It has been used for millennia. For the breath, we do better, but this condiment has so many other assets that we even forgive its smell.
The effectiveness of this natural hypotensive is low, but very real if consumed raw. Its sulfur compounds – the origin of its powerful fragrance – slow down the formation of cholesterol. Allium sativum – its learned name – would also help to lower blood lipid levels. Its powers would be enhanced with one of its derivatives, aged garlic extract (EAV), obtained after a bath in an ethanol solution and an aging process for nearly two years. Studies have shown that taking AVEs daily decreases the risk of atherosclerosis (the deposition of cholesterol on the lining of the arteries) by sharply reducing existing plaques and preventing new ones.
Haro on clots
Allicin and ajoene, two of their compounds have an anticoagulant action. Specialists even compare the role of ajoene to that of aspirin, sometimes taken to prevent the risk of blood clots and therefore thrombosis. To benefit from this benefit, one should consume at least two to three fresh pods each day.
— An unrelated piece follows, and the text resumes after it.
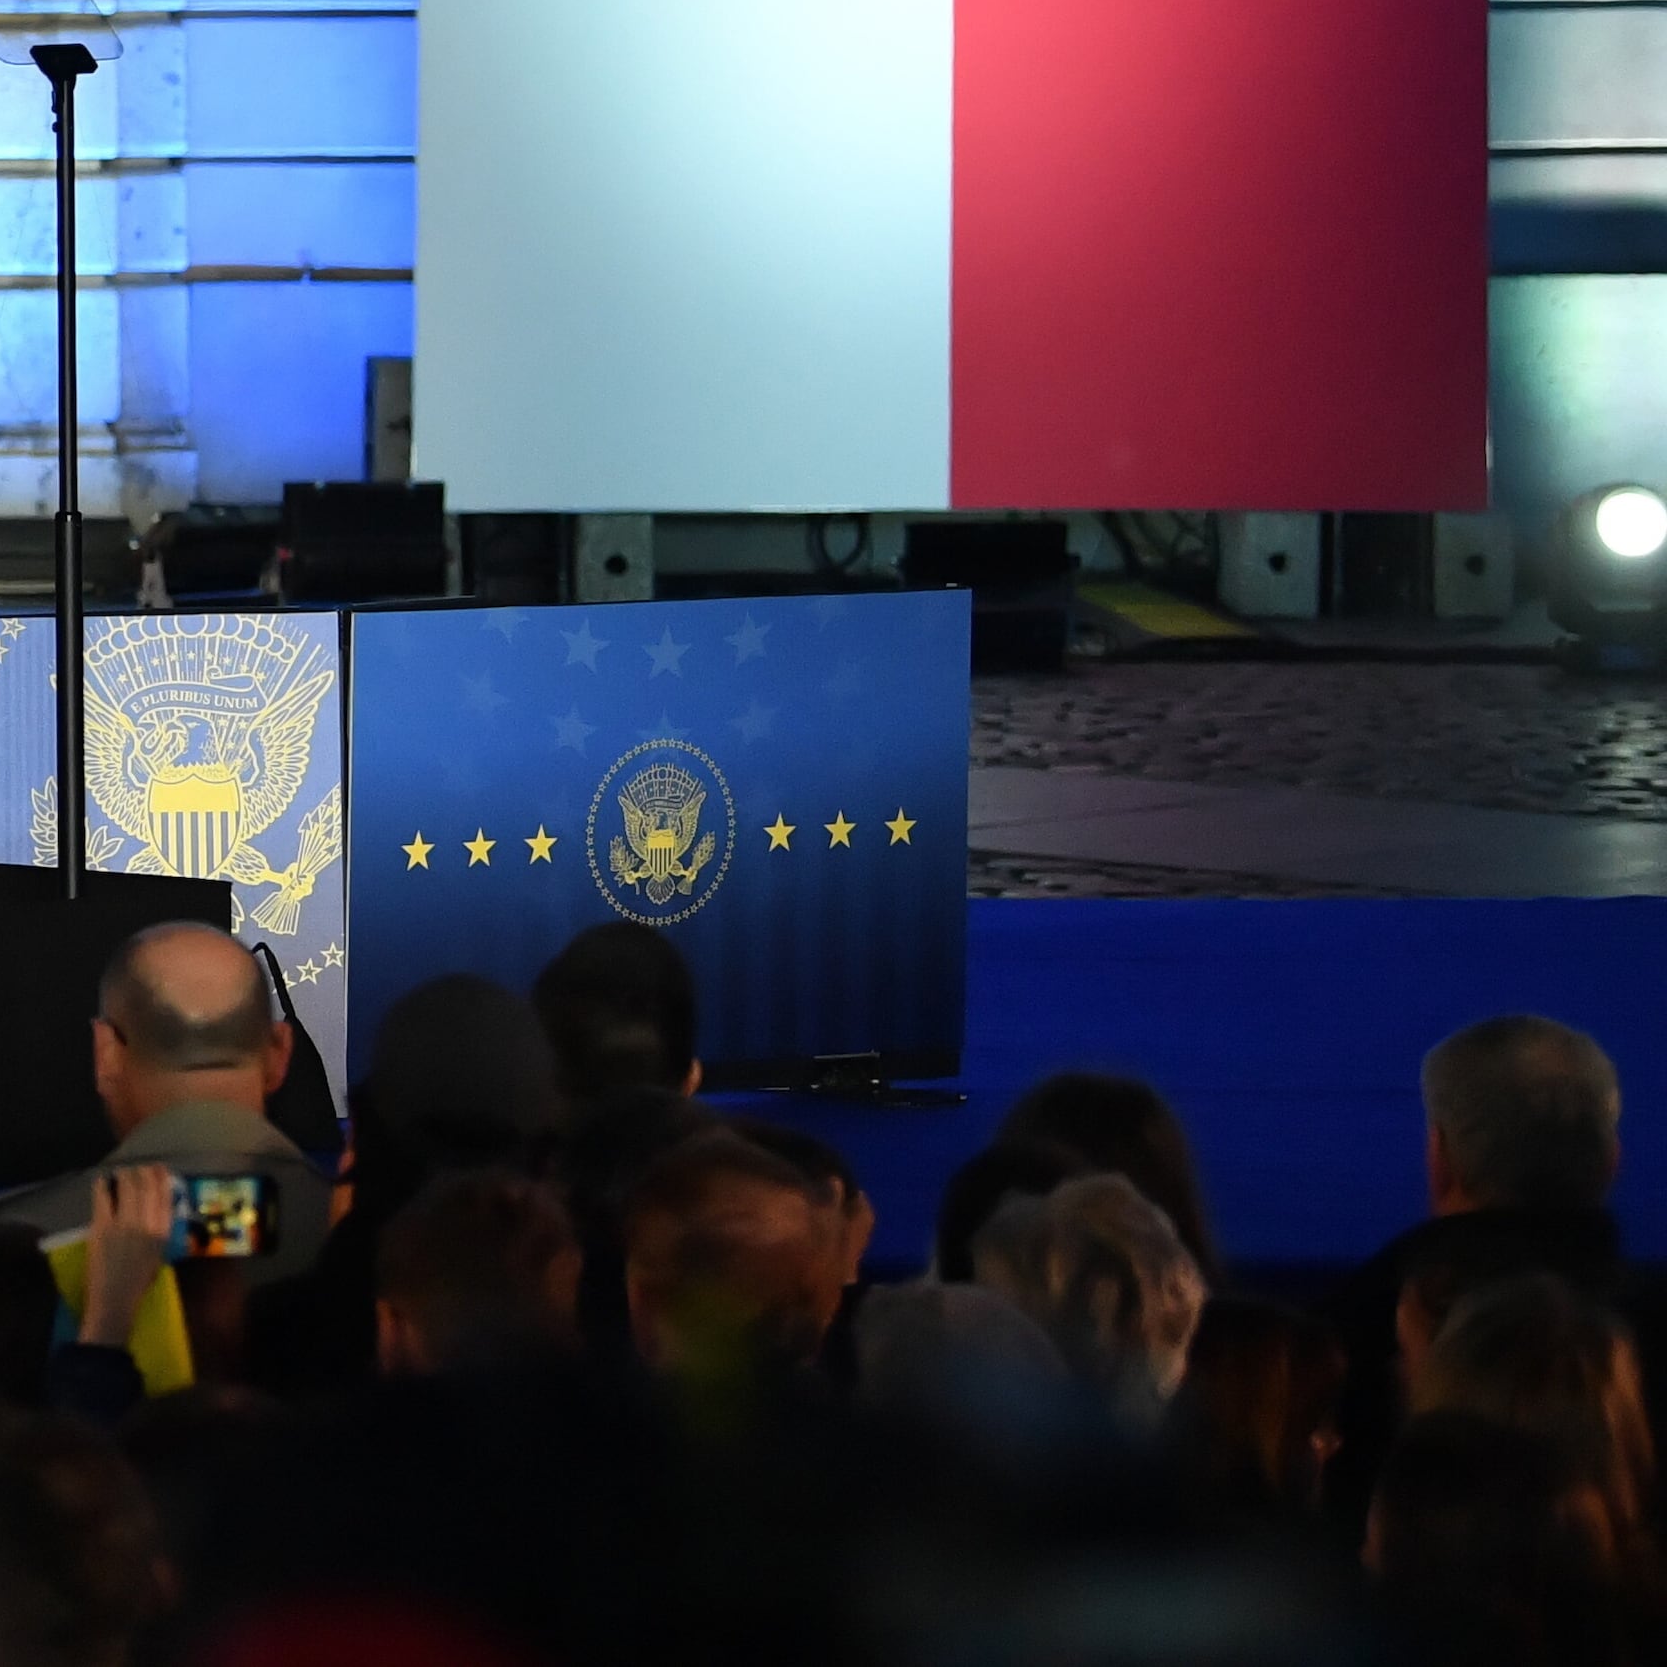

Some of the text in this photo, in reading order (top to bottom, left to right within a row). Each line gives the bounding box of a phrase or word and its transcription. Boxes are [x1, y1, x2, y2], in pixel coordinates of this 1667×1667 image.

[130, 690, 258, 714] E PLURIBUS UNUM
Garlic, enemy of bacteria and fungi
Already in ancient times, Herodotus reported that garlic was offered to the builders of the pyramid of Kheops to help them cope with their working conditions. During World War II, it served as an antiseptic against gangrene. It is also used against intestinal worms. The allicin it contains slows down the development of pathogenic bacteria (especially intestinal bacteria), mold, and yeast.
The friend of small evils
Allicin would have a significant anti-inflammatory and antioxidant role and would scavenge free radicals. Consumed in juice (with milk and honey!) or, boiled, in syrup, this plant would act on the respiratory tract and would relieve cough and bronchitis. The pods strengthen the intestinal flora and attenuate gas. They also stimulate bile secretion and facilitate digestion. Half a pod rubbed on insect bites and herpes pimples relieve them.
Garlic, ally of immunity
Daily consumption of fresh garlic would lead the immune system to produce more natural killer cells. The bulb also has a reputation for slowing the development of certain cancers.
Black garlic: it’s cooked at all!
White garlic cooked very slowly at low temperatures turns black and sees its properties multiplied. Rich in vitamins C, K, and B, amino acids, zinc, potassium, and selenium, it is also twice as loaded with antioxidants as its alter ego.
Thanks to Kathi Dittrich and Claus Leitzmann, authors of “These foods that protect us”, ed. Terre vivante, and to Christine Cieur, author of “Ma pharmacie naturelle idéal”, ed. Terre vivante.